MARC has affirmed its AAA financial institution (FI) rating on Bank Pembangunan Malaysia Berhad (Bank Pembangunan). The rating carries a stable outlook.

The FI rating is solely premised on Bank Pembangunan’s status as a wholly government-owned development financial institution (DFI) which was incorporated to extend loans and financial support to specific industries promoted by the government. Government support to the DFI has been evident through government guarantees extended on borrowings as well as compensation provided for loss of interest income and credit loss.

Gross impaired loans (GIL) ratio stood at 12.1% as at end-2017 (2016: 15.0%). The lower GIL ratio was attributable to higher write-offs which lowered gross impairments in the technology, oil and gas, and maritime sectors. These three sectors had faced the brunt of the bank’s problematic loans, with about 64% or RM1.6 billion of their total exposure of RM2.6 billion having been classified as impaired in 2017. The bank recorded slightly higher impairments in the infrastructure loan portfolio, which had a GIL ratio of 5.2% as at end-2017 (2016: 4.8%).
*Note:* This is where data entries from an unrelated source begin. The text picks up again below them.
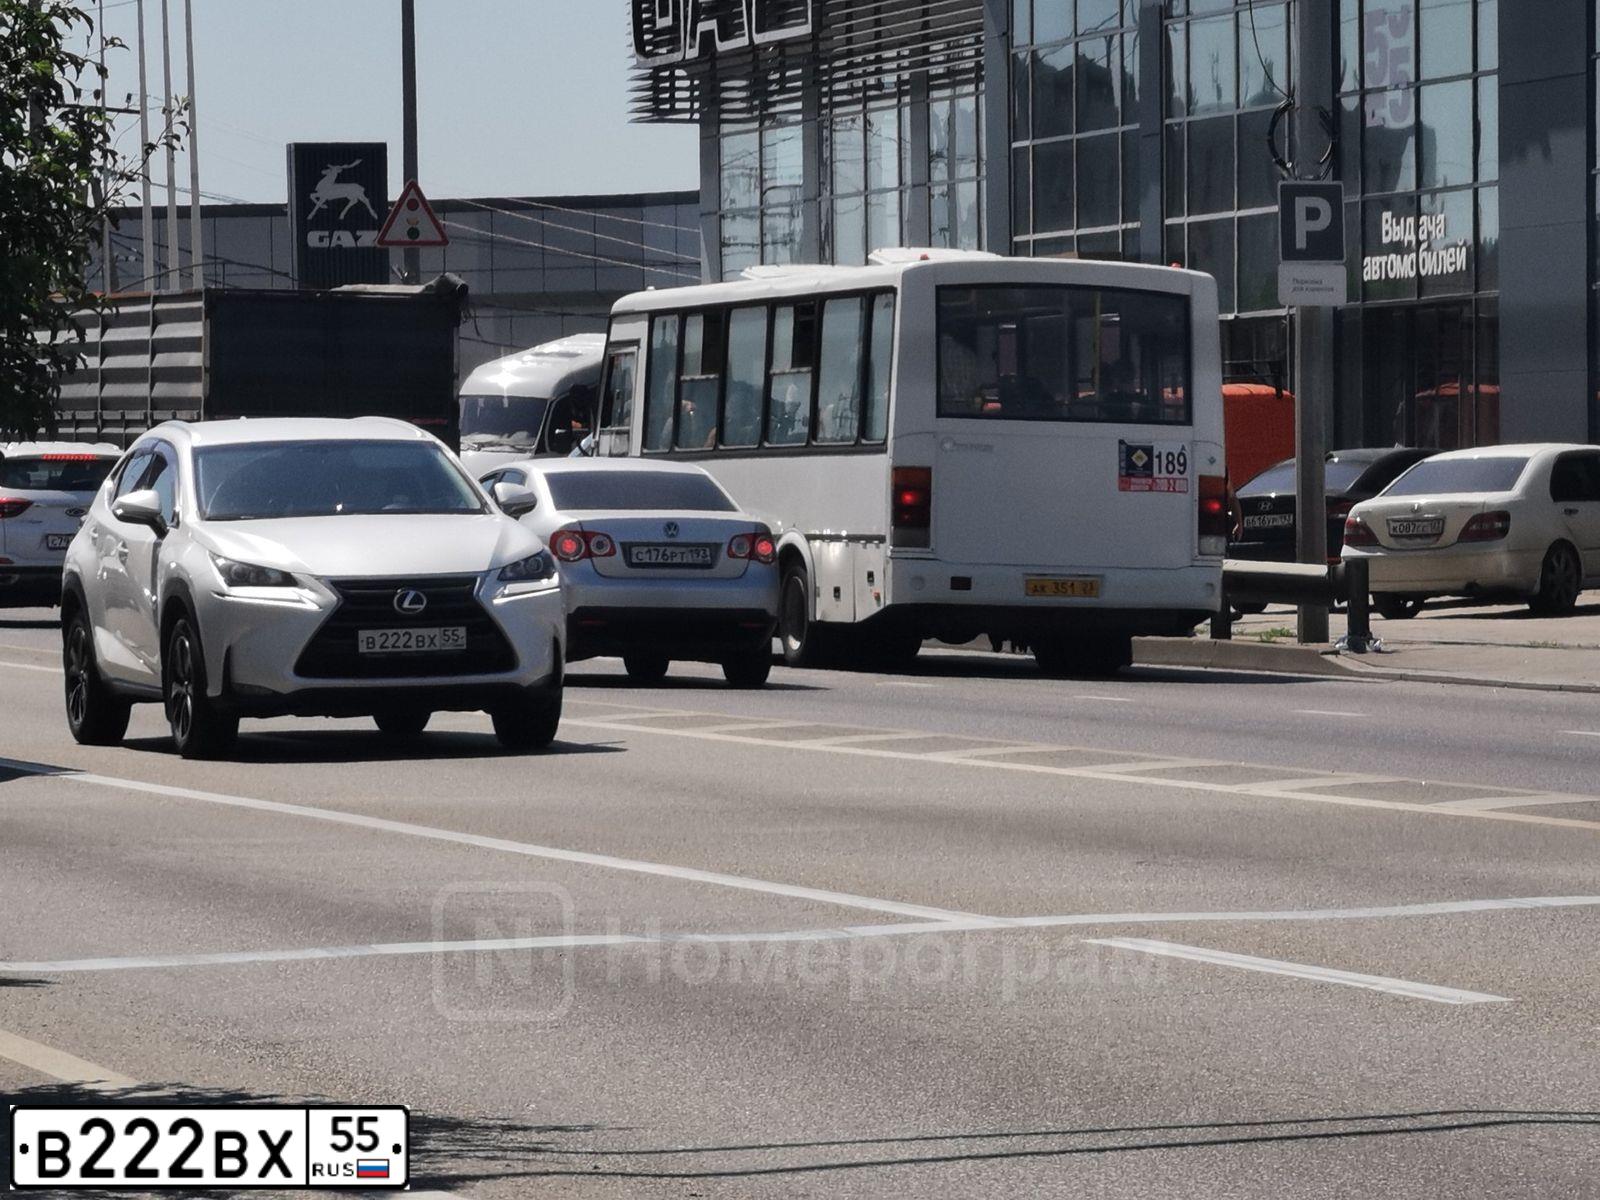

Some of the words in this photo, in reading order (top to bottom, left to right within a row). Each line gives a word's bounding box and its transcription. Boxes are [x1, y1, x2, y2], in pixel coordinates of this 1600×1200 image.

[1295, 196, 1332, 250] P
[1382, 211, 1445, 249] Выдача
[307, 230, 378, 248] GAZ
[1362, 237, 1467, 282] автомобилей
[1154, 450, 1188, 476] 189
[635, 548, 686, 562] С176РТ
[365, 631, 438, 650] В222ВХ
[442, 629, 461, 643] 55
Infrastructure loans have remained key to Bank Pembangunan’s growth, accounting for 74% of total loans approved of RM3.3 billion during 2017. Concentration risk is mitigated as the majority of existing infrastructure loans are related to government-initiated projects which benefit from direct or indirect government support. MARC notes that the group’s gross loans have continued contracting in recent years as loan growth has been offset by large repayments. Given the challenging economic conditions, MARC expects loan growth over the near term to remain muted.

Bank Pembangunan’s capital position as reflected by its Basel I core and risk-weighted capital ratios of 29.1% and 33.4% remained strong. The strong capital position offers a buffer against asset quality weakness. In 2017, the DFI’s profit before tax rose 56.7% y-o-y to RM325.3 million, mainly attributable to lower impairments in the year.

Bank Pembangunan’s funding profile remained largely supported by the government as reflected by government-guaranteed borrowings and deposits from the government and its related entities accounting for 34.4% and 39.9% of total funding.

Major Rating Factors

Strengths

  • Wholly government-owned development financial institution; and
  • Strong capitalisation and strong regulatory oversight.

Challenge/Risk

  • High segmental concentration.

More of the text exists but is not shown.